Targeting female flight for genetic control of mosquitoes

Aedes aegypti Act4 is a paralog of the Drosophila melanogaster indirect flight muscle actin gene Act88F. Act88F has been shown to be haploinsufficient for flight in both males and females (amorphic mutants are dominant). Whereas Act88F is expressed in indirect flight muscles of both males and females, expression of Act4 is substantially female-specific. We therefore used CRISPR/Cas9 and homology directed repair to examine the phenotype of Act4 mutants in two Culicine mosquitoes, Aedes aegypti and Culex quinquefasciatus. A screen for dominant female-flightless mutants in Cx. quinquefasciatus identified one such mutant associated with a six base pair deletion in the CxAct4 coding region. A similar screen in Ae. aegypti identified no dominant mutants.
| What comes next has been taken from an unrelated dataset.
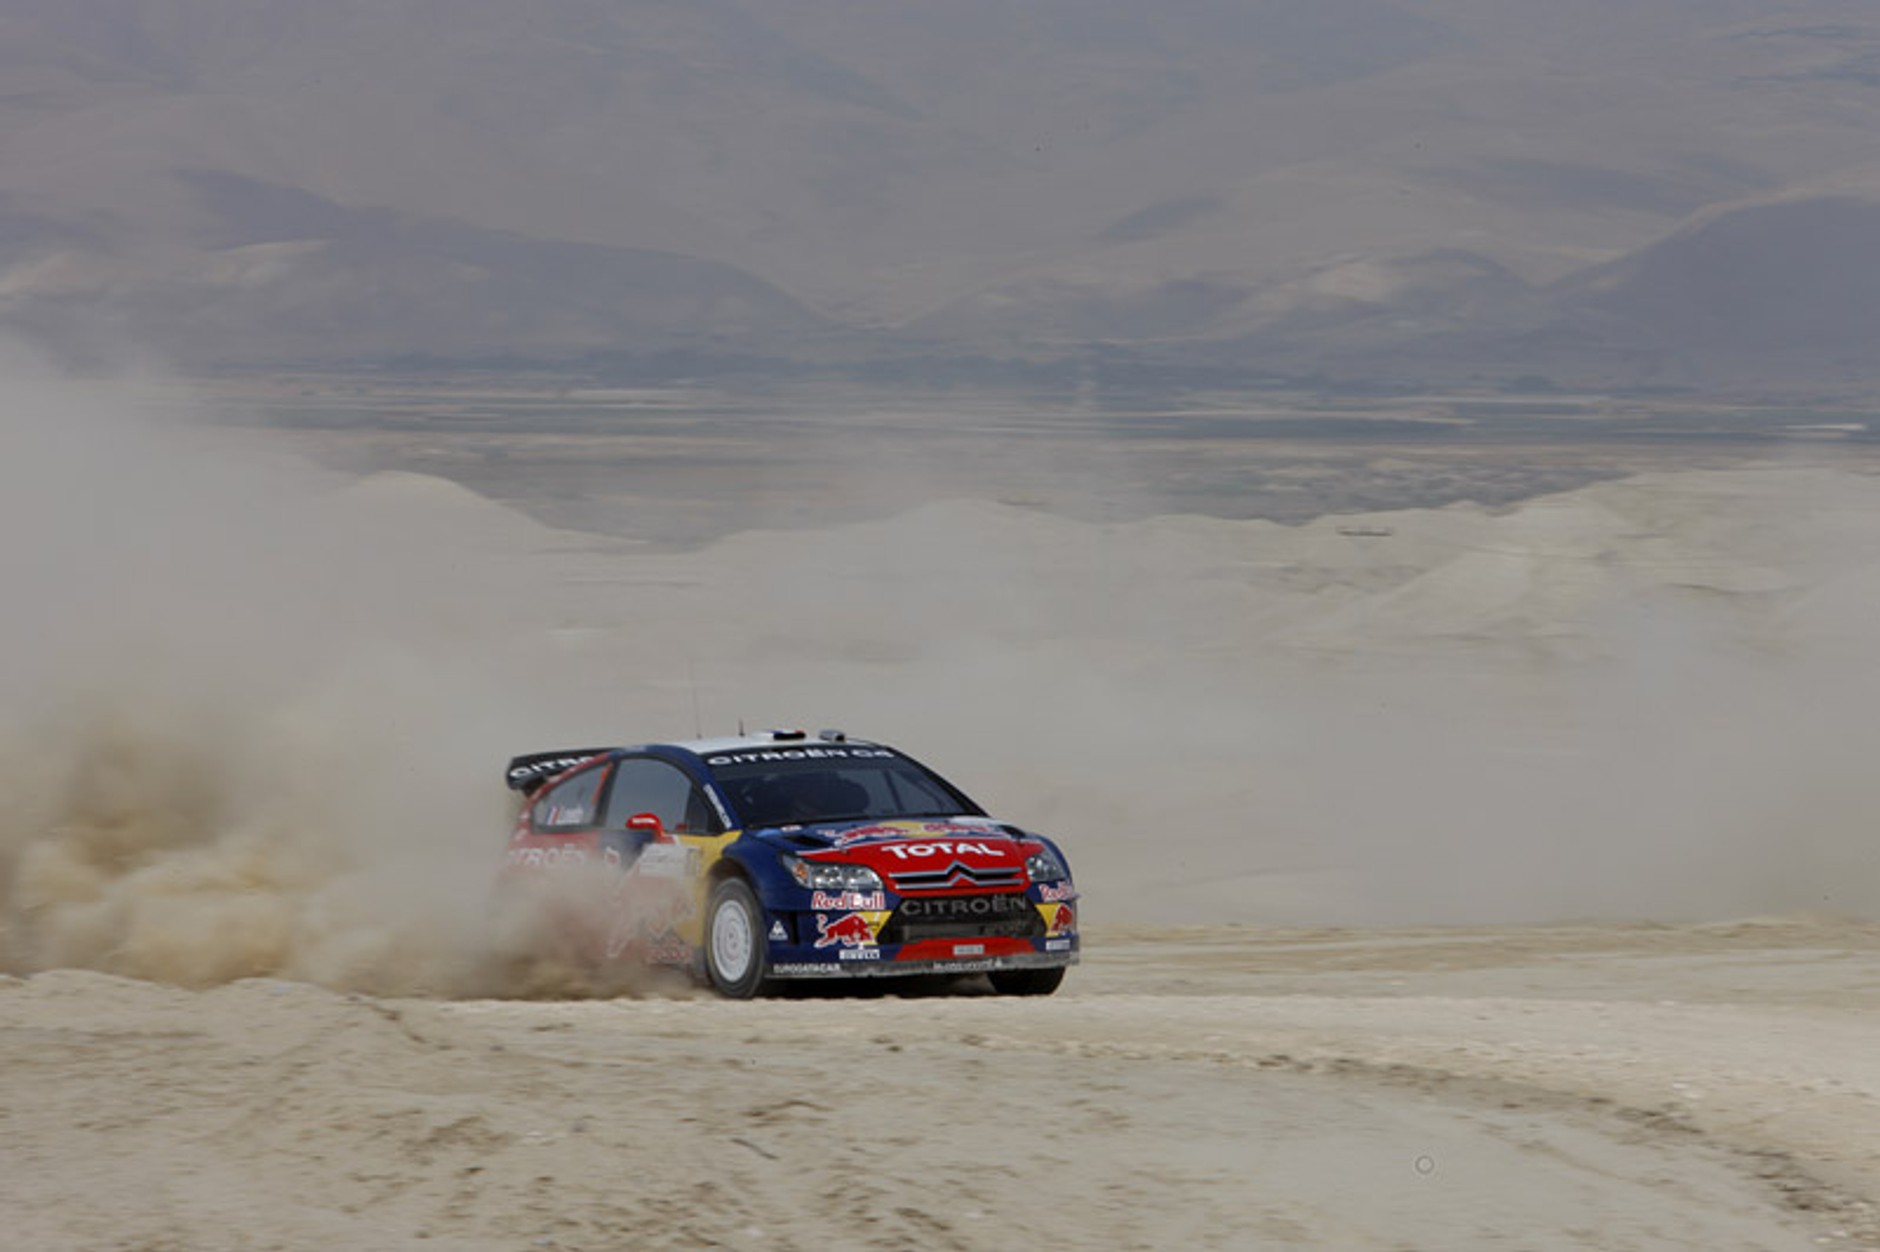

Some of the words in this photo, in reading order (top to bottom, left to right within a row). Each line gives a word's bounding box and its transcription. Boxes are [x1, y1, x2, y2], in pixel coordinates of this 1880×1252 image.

Disruption of the AeAct4 gene by homology-dependent insertion of a fluorescent protein marker cassette gave a recessive female-flightless phenotype in Ae. aegypti. Reproducing the six-base deletion from Cx. quinquefasciatus in Ae. aegypti using oligo-directed mutagenesis generated dominant female-flightless mutants and identified additional dominant female-flightless mutants with other in-frame insertions or deletions. Our data indicate that loss of function mutations in the AeAct4 gene are recessive but that short in-frame deletions produce dominant-negative versions of the AeAct4 protein that interfere with flight muscle function. This makes Act4 an interesting candidate for genetic control methods, particularly population-suppression gene drives targeting female viability/fertility.